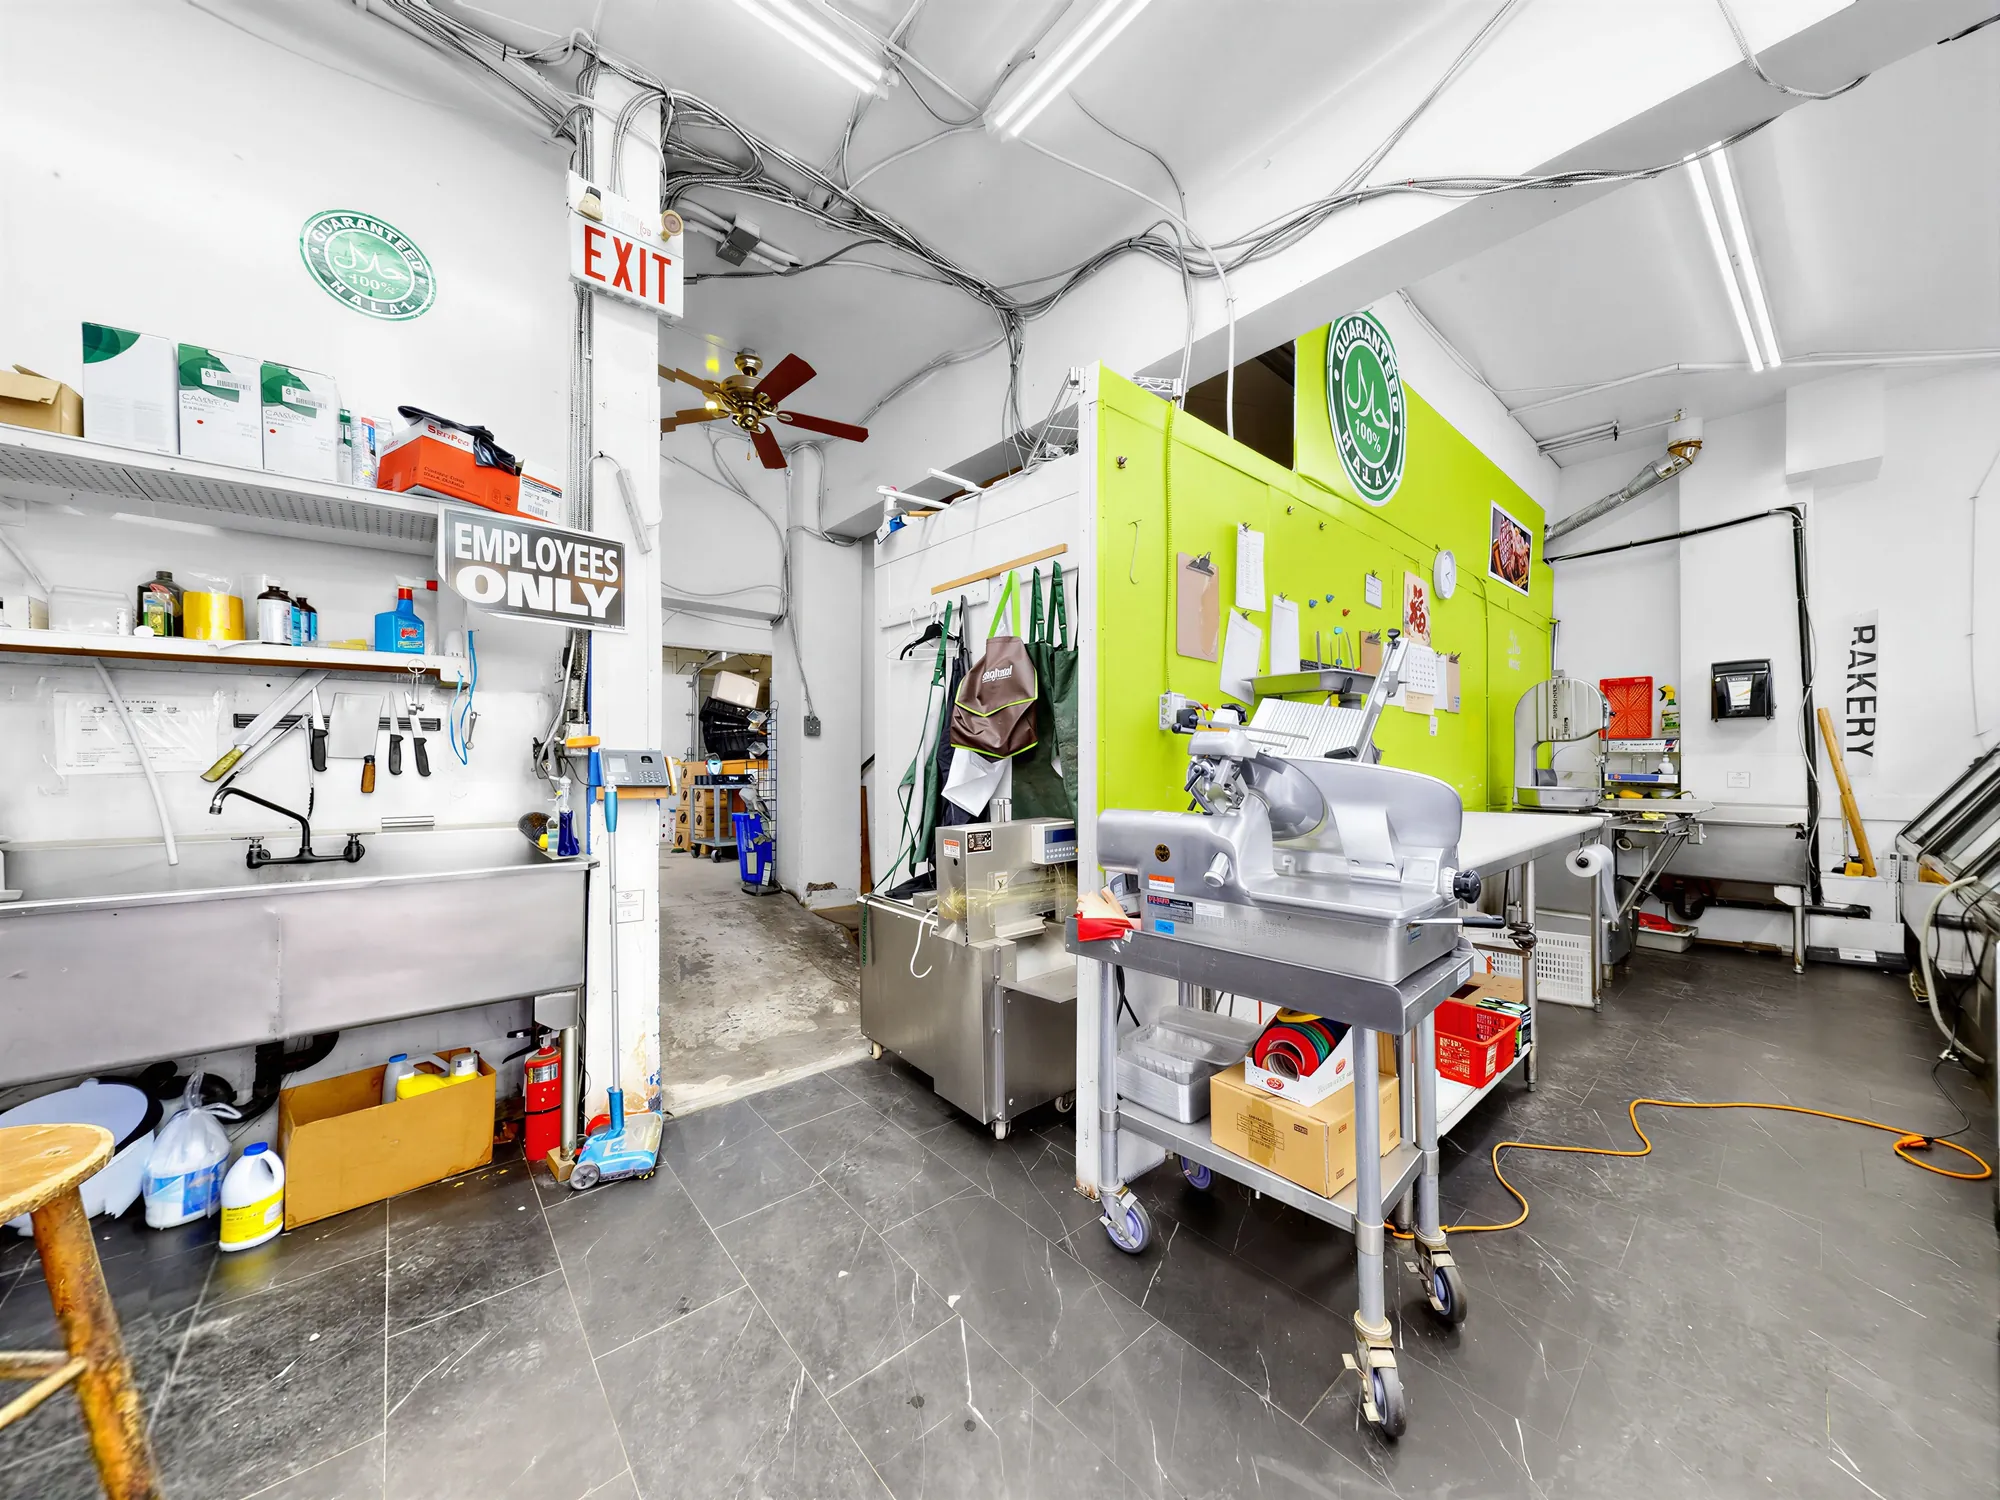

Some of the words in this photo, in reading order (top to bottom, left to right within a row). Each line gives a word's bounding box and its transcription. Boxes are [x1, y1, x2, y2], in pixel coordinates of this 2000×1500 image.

[312, 216, 425, 272] GUARANTEED
[585, 224, 672, 305] EXIT
[330, 279, 415, 315] HALAL
[1334, 319, 1399, 413] GUARANTEED
[1346, 358, 1391, 430] حلال
[1342, 430, 1391, 488] HALAL
[1354, 418, 1381, 453] 100%
[454, 521, 619, 583] EMPLOYEES
[455, 565, 619, 619] ONLY
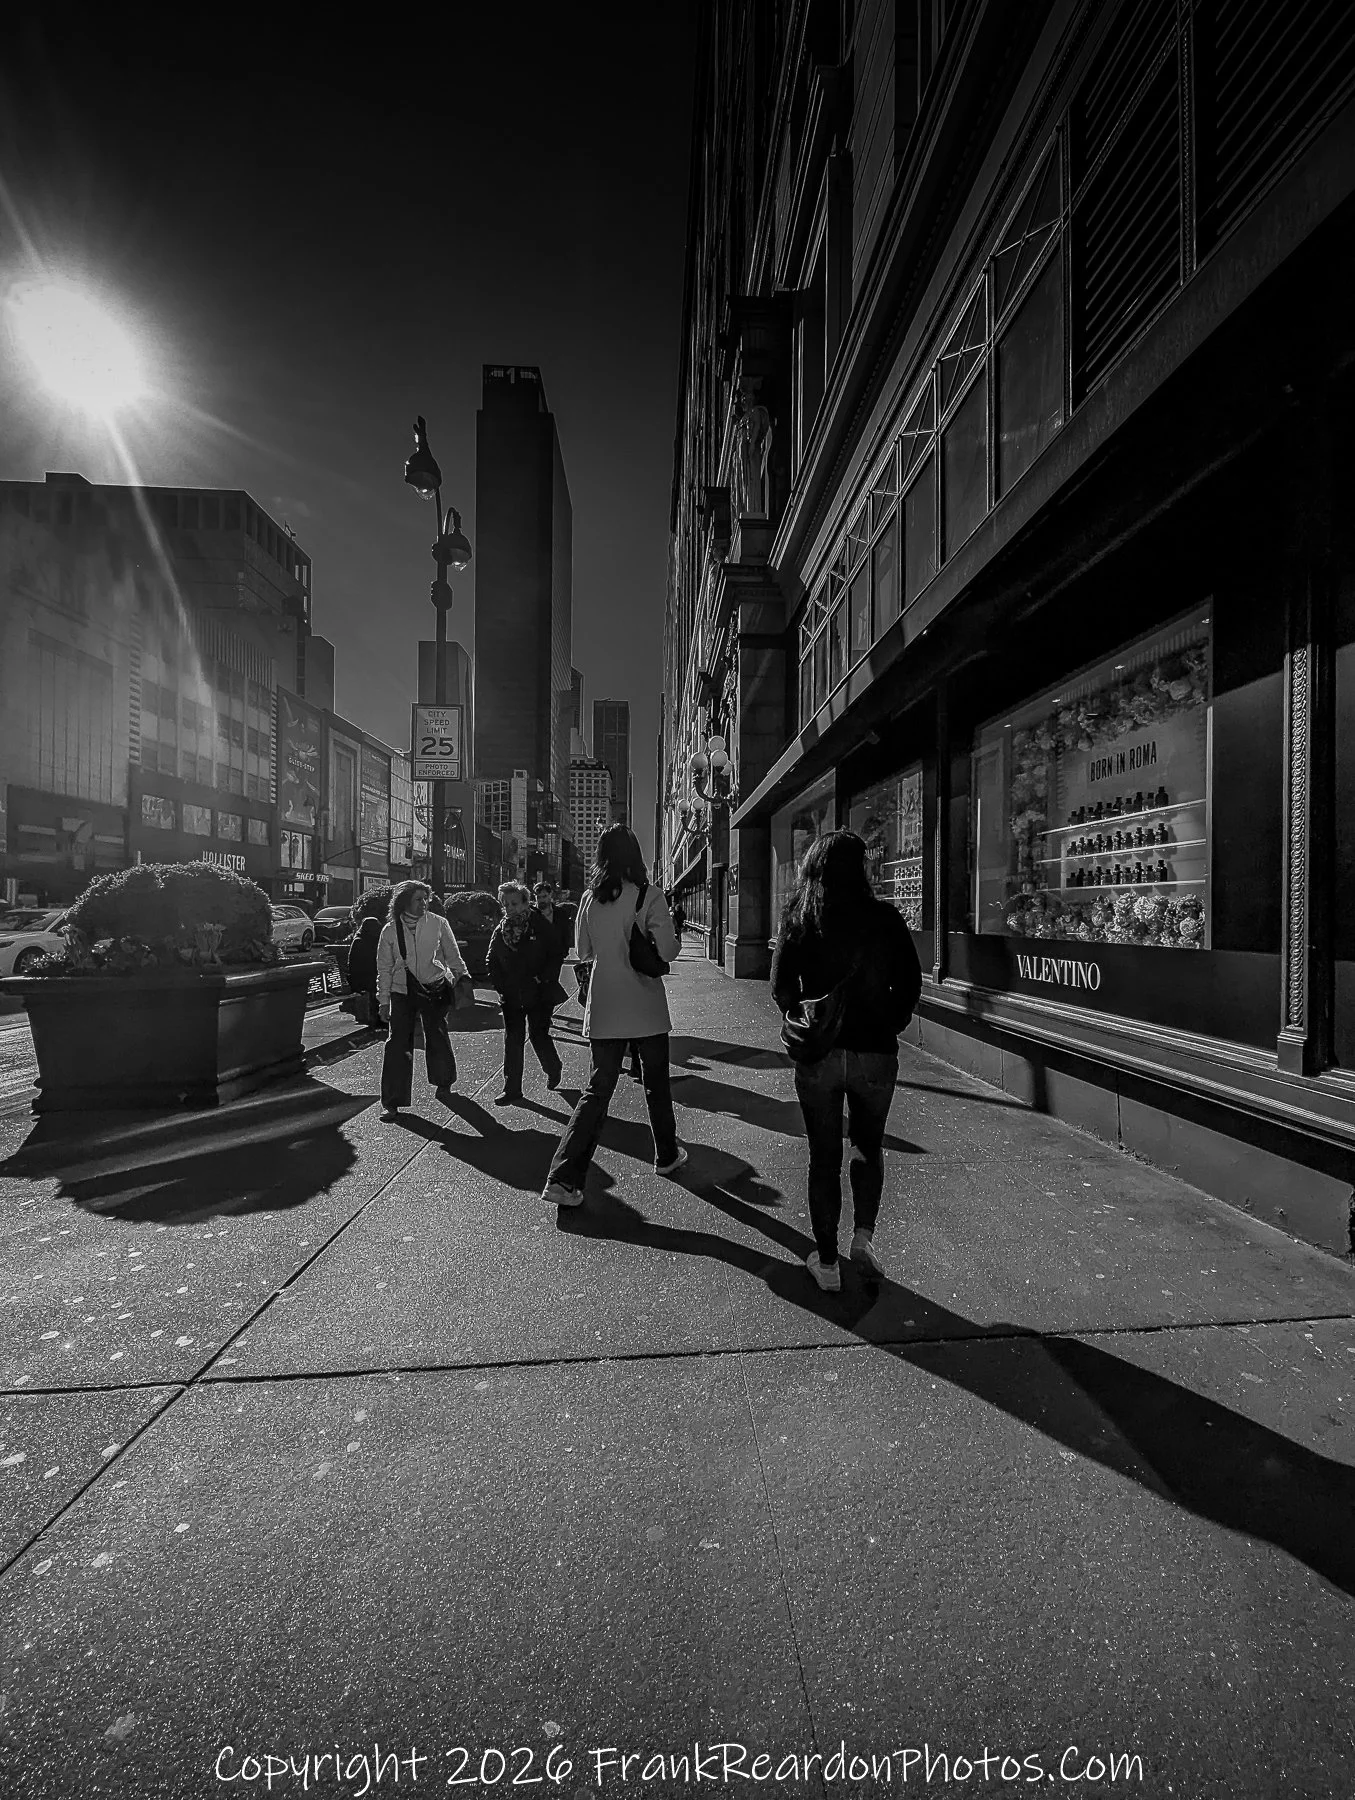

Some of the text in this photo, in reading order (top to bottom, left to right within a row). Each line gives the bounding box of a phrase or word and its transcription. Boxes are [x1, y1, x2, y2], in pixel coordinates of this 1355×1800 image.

[420, 736, 454, 756] 25
[1090, 741, 1157, 782] BORN IN ROMA
[202, 850, 246, 872] HOLLISTER
[295, 872, 330, 883] SKECERS
[1016, 954, 1101, 991] VALENTINO

WORK TASK - All records above are to be repeated exactly, with the images left out.

SOLUTION TO THIS EXERCISE -
Some of the words in this photo, in reading order (top to bottom, left to right within a row). Each line gives a word's bounding box and its transcription. Boxes are [x1, y1, x2, y2], in pixel coordinates of this 2000×1500 image.

[312, 216, 425, 272] GUARANTEED
[585, 224, 672, 305] EXIT
[330, 279, 415, 315] HALAL
[1334, 319, 1399, 413] GUARANTEED
[1346, 358, 1391, 430] حلال
[1342, 430, 1391, 488] HALAL
[1354, 418, 1381, 453] 100%
[454, 521, 619, 583] EMPLOYEES
[455, 565, 619, 619] ONLY

Some of the text in this photo, in reading order (top to bottom, left to right within a row). Each line gives the bounding box of a phrase or word and its transcription. Boxes are [x1, y1, x2, y2], in pixel coordinates of this 1355×1800 image.

[420, 736, 454, 756] 25
[1090, 741, 1157, 782] BORN IN ROMA
[202, 850, 246, 872] HOLLISTER
[295, 872, 330, 883] SKECERS
[1016, 954, 1101, 991] VALENTINO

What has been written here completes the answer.